Imatinib Mesylate (imatinib) was once hailed as the magic bullet for chronic myeloid leukemia (CML) and remains a front-line therapy for CML to this day alongside other tyrosine kinase inhibitors (TKIs). However, TKI treatments are rarely curative and patients are often required to receive life-long treatment or otherwise risk relapse. Thus, there is a growing interest in identifying biomarkers in patients which can predict TKI response upon diagnosis. In this study, we analyze clinical data and differentially expressed miRNAs in CD34 CML cells from 80 patients at diagnosis who were later classified as imatinib-responders or imatinib-nonresponders. A Cox Proportional Hazard (CoxPH) analysis identified 16 miRNAs that were associated with imatinib nonresponse and differentially expressed in these patients. We also trained a machine learning model with different combinations of the 16 miRNAs with and without clinical parameters and identified a panel with high predictive performance based on area-under-curve values of receiver-operating-characteristic and precision-recall curves. Interestingly, the multivariable panel consisting of both miRNAs and clinical features performed better than either miRNA or clinical panels alone. Thus, our findings may inform future studies on predictive biomarkers and serve as a tool to develop more optimized treatment plans for CML patients in the clinic.

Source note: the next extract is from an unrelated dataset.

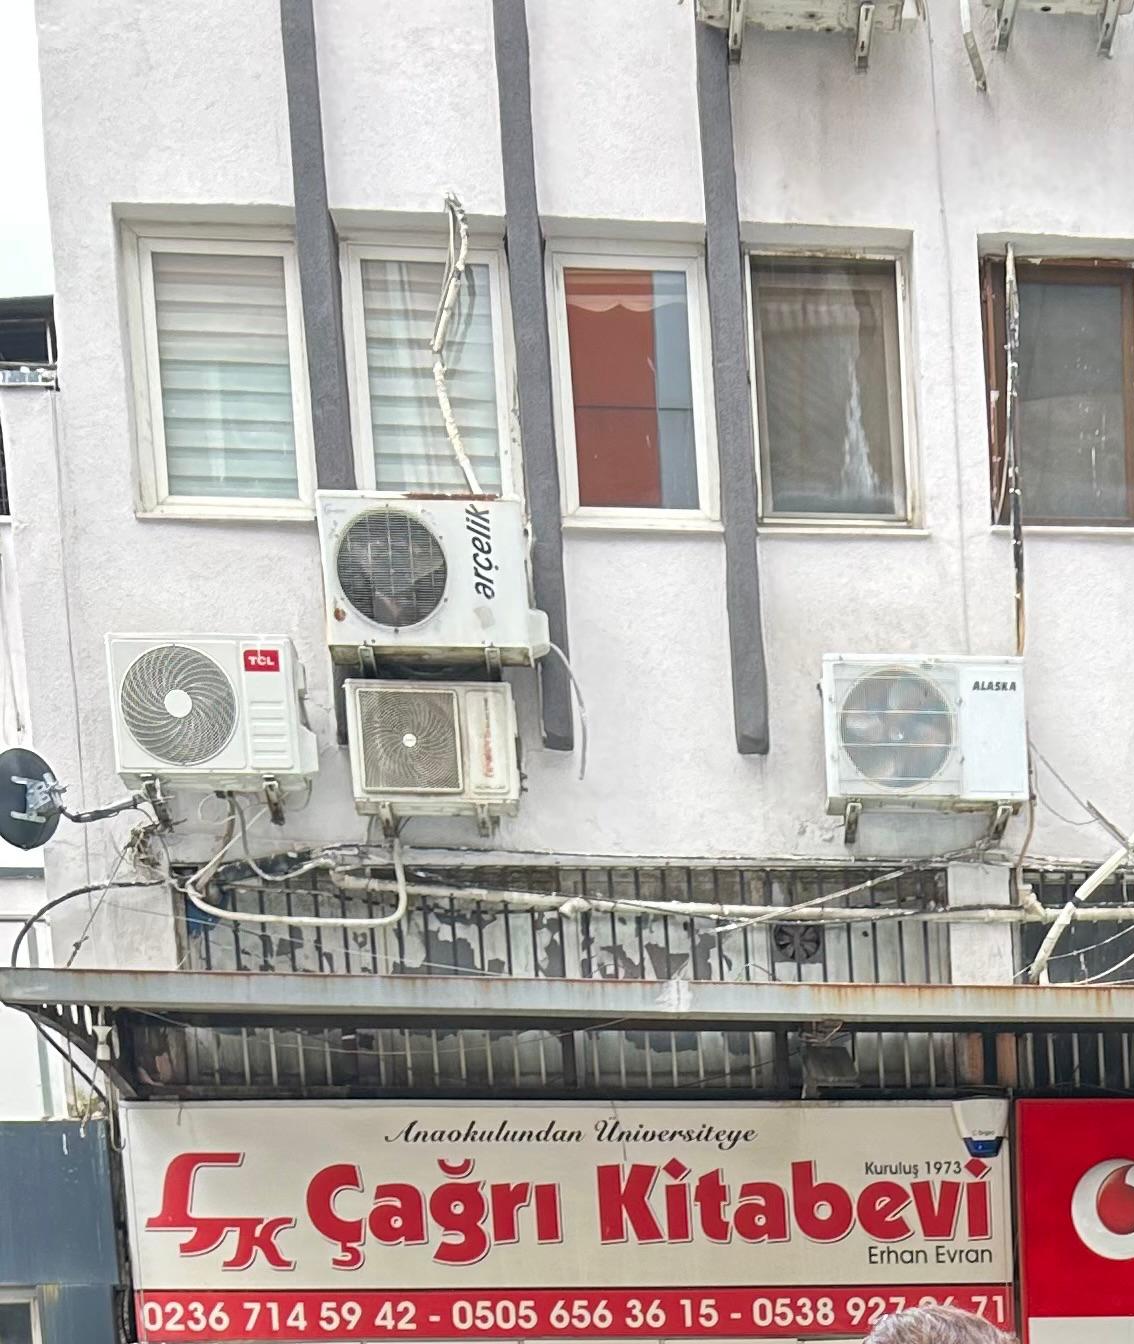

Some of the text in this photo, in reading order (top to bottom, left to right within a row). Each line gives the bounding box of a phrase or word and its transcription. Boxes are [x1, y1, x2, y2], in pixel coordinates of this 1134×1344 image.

甲磺酸伊马替尼(imatinib)曾被誉为慢性髓系白血病(CML)的“灵丹妙药”,至今仍是 CML 的一线治疗方法,与其他酪氨酸激酶抑制剂(TKI)一起使用。然而,TKI 治疗很少能根治,患者通常需要接受终身治疗,否则有复发的风险。因此,人们越来越关注在诊断时识别患者中的生物标志物,这些标志物可以预测 TKI 反应。在这项研究中,我们分析了 80 例初诊 CML 患者的 CD34 细胞的临床数据和差异表达的 miRNAs,这些患者后来被分为伊马替尼反应者和伊马替尼无反应者。Cox 比例风险(CoxPH)分析确定了 16 个与伊马替尼无反应相关且在这些患者中差异表达的 miRNAs。我们还使用包含和不包含临床参数的 16 个 miRNAs 的不同组合训练了机器学习模型,并根据接收者操作特征曲线和精度召回曲线的曲线下面积值确定了一个具有高预测性能的面板。有趣的是,由 miRNAs 和临床特征组成的多变量面板的表现优于 miRNA 或临床面板单独使用的表现。因此,我们的发现可能为未来的预测生物标志物研究提供信息,并为临床中 CML 患者制定更优化的治疗计划提供工具。